Oracle opponent cheers delay in mySQL decision

Mueller said the delay in Oracle's response means a decision on the merger won't come from the European Commission until January 27.

Florian Mueller, coordinating opposition to Oracle's purchase of Sun Microsystems and mySQL, sent a note today cheering word that Oracle has asked for, and gotten, a six-day delay to answer European objections to the purchase. (Picture from Roberto Galoppini.)

Mueller, a former mySQL shareholder and strategic advisor, is working with mySQL co-founder Monty Widenius.

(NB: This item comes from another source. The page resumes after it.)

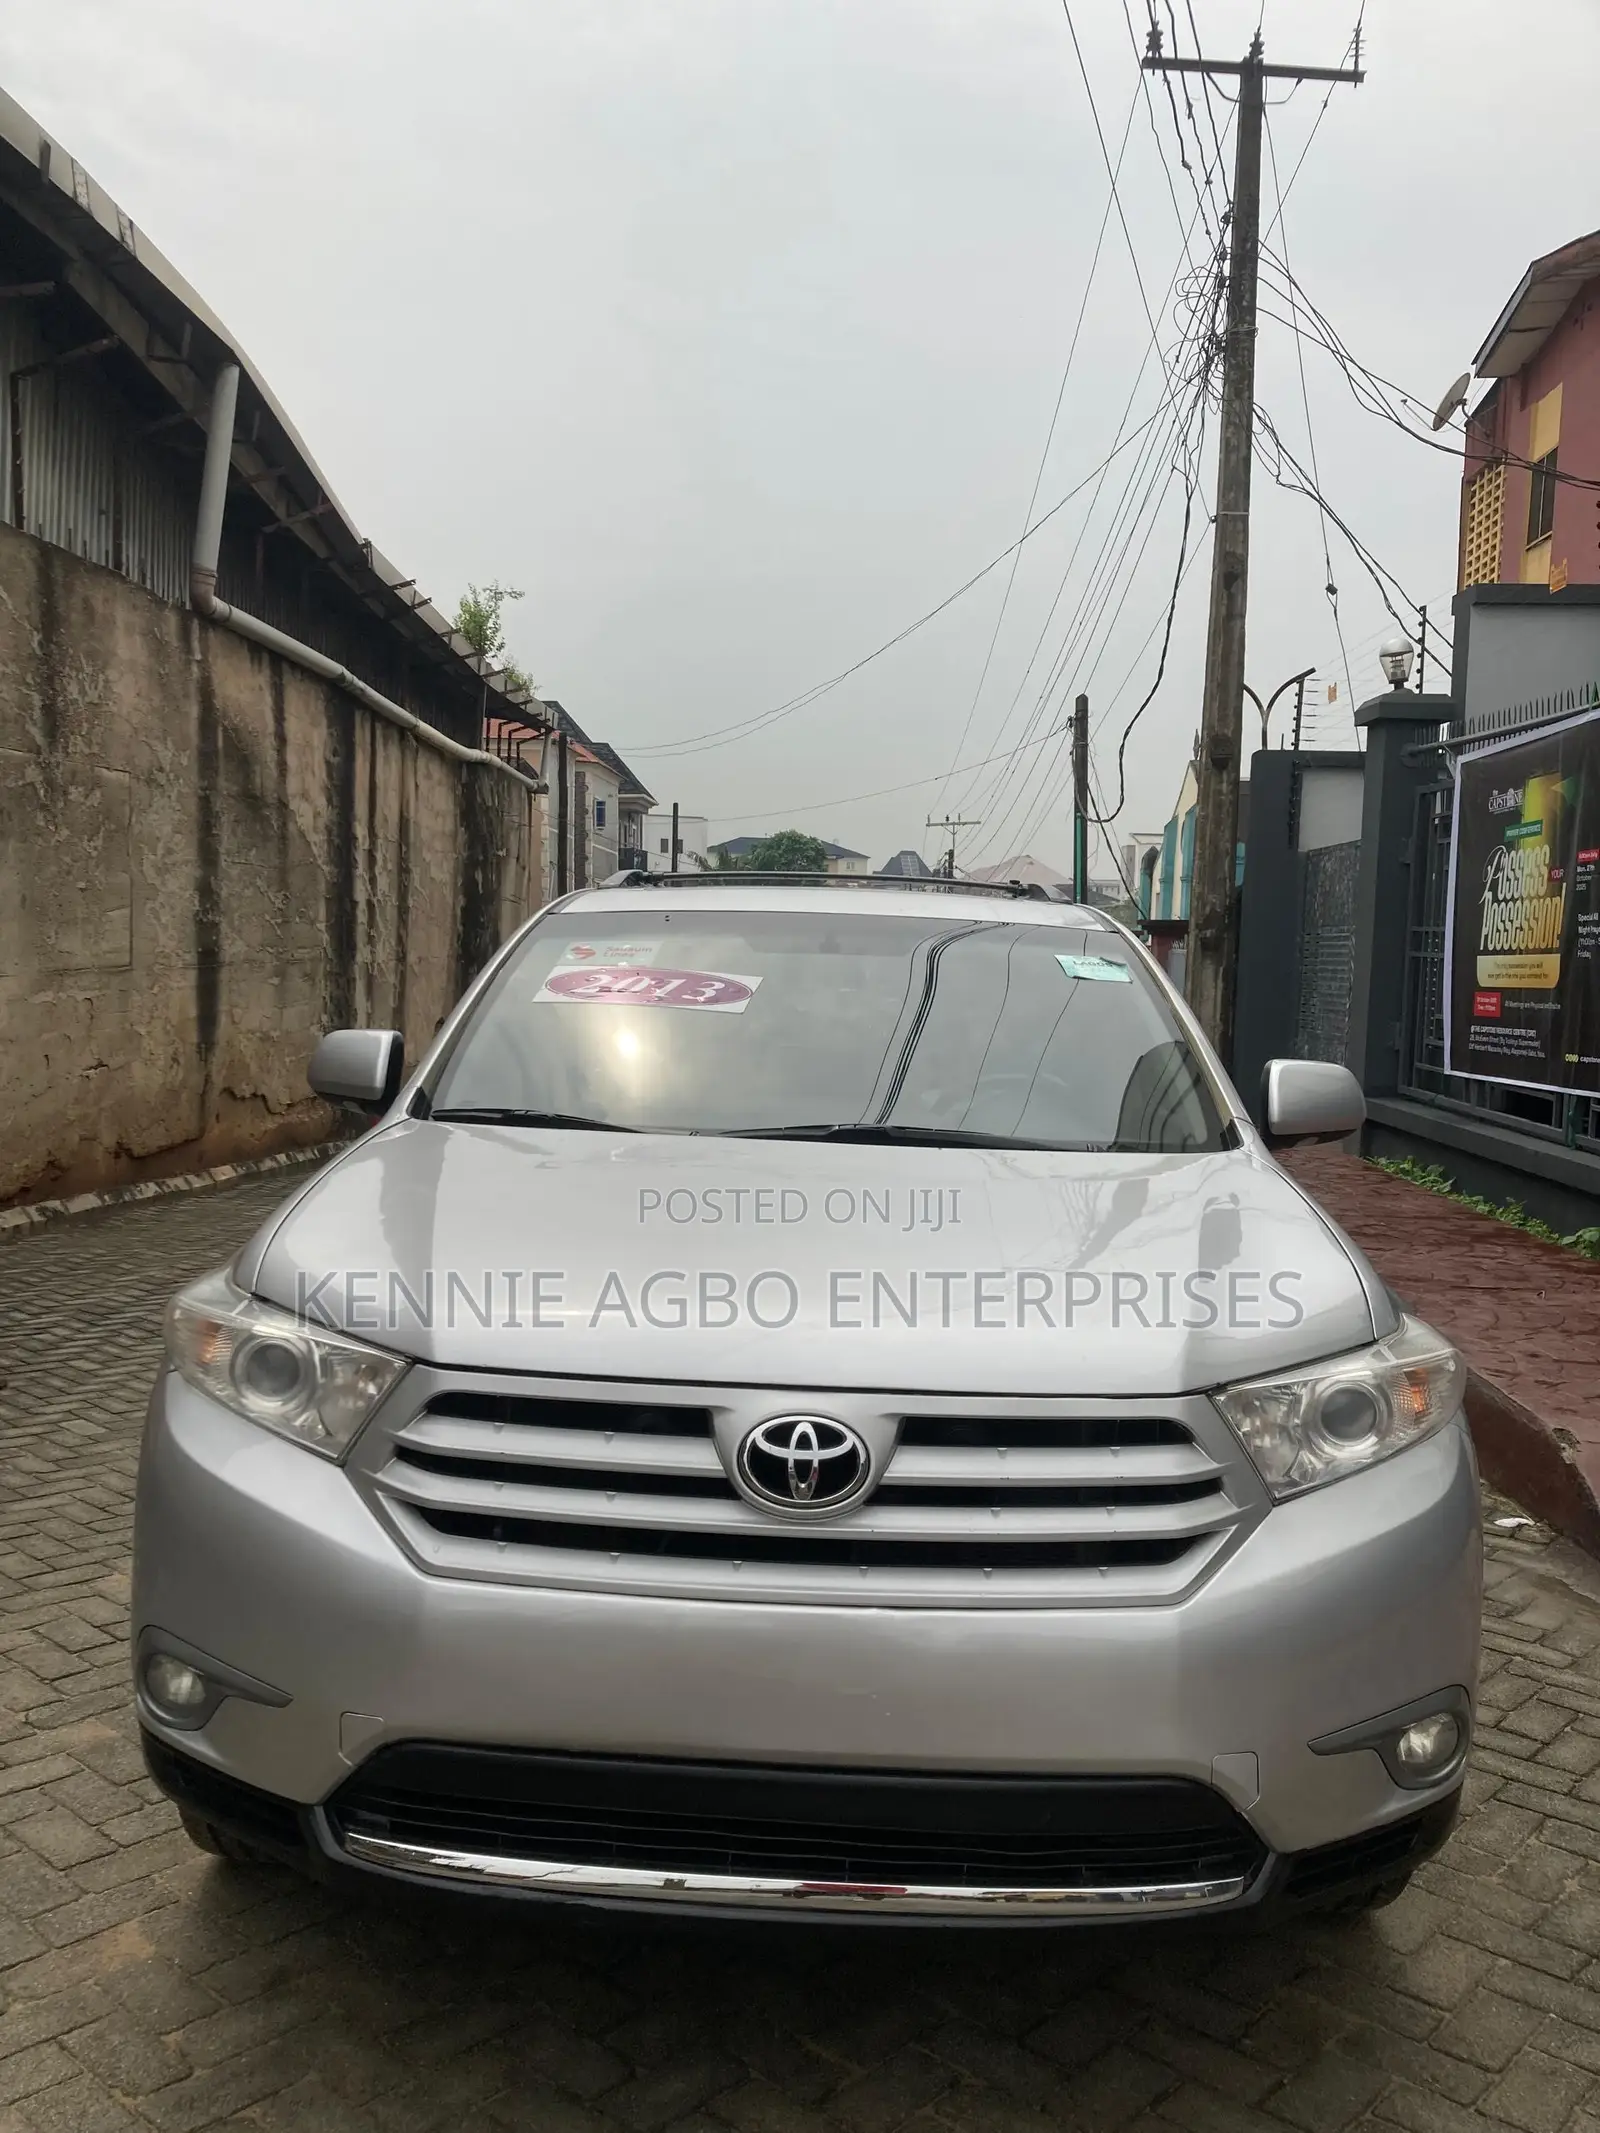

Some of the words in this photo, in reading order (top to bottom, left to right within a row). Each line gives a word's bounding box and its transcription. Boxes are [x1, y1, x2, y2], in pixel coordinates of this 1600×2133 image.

[1551, 868, 1564, 880] YOUR
[1578, 913, 1593, 923] Special
[570, 974, 726, 1003] 2013

"Oracle is now apparently backtracking from previous claims that the European Commission has no credible theory of harm. If the EU's objections were baseless, Oracle wouldn't need more time now to develop its arguments. This is another sign of enormous weakness only three weeks after Oracle withdrew its antitrust application in Russia.

One more week won't change the fact that MySQL competes fiercely with Oracle's database products including its flagship '11g' across all major market segments. One more week won't transform a traditional company product like MySQL into a community project that could be developed by volunteers just because it's open source. The best way Oracle can make use of this extra week is to think really hard about selling MySQL to a suitable third party."

Mueller said the delay in Oracle's response means a decision on the merger won't come from the European Commission until January 27.

Widenius strongly disagrees with mySQL co-founder Marten Mickos on the Oracle-Sun deal. Mickos as written to EC Competition Commissioner Nellie Kroes asking that the deal go through.

My personal view is that Oracle could spin control of the code base into a foundation like Eclipse, with control based on investment, which would also enable money to flow in from mySQL stakeholders like Amazon.

Oracle CEO Larry Ellison insists the delay in Europe's approval is degrading the overall value of Sun, which also controls such important open source projects as Java and Open Office.

I do not disagree.

But due to its open source license Oracle is not gaining control of the mySQL code base, just becoming its commercial sponsor. So why not bring free money to support the code base and have something better to sell support on?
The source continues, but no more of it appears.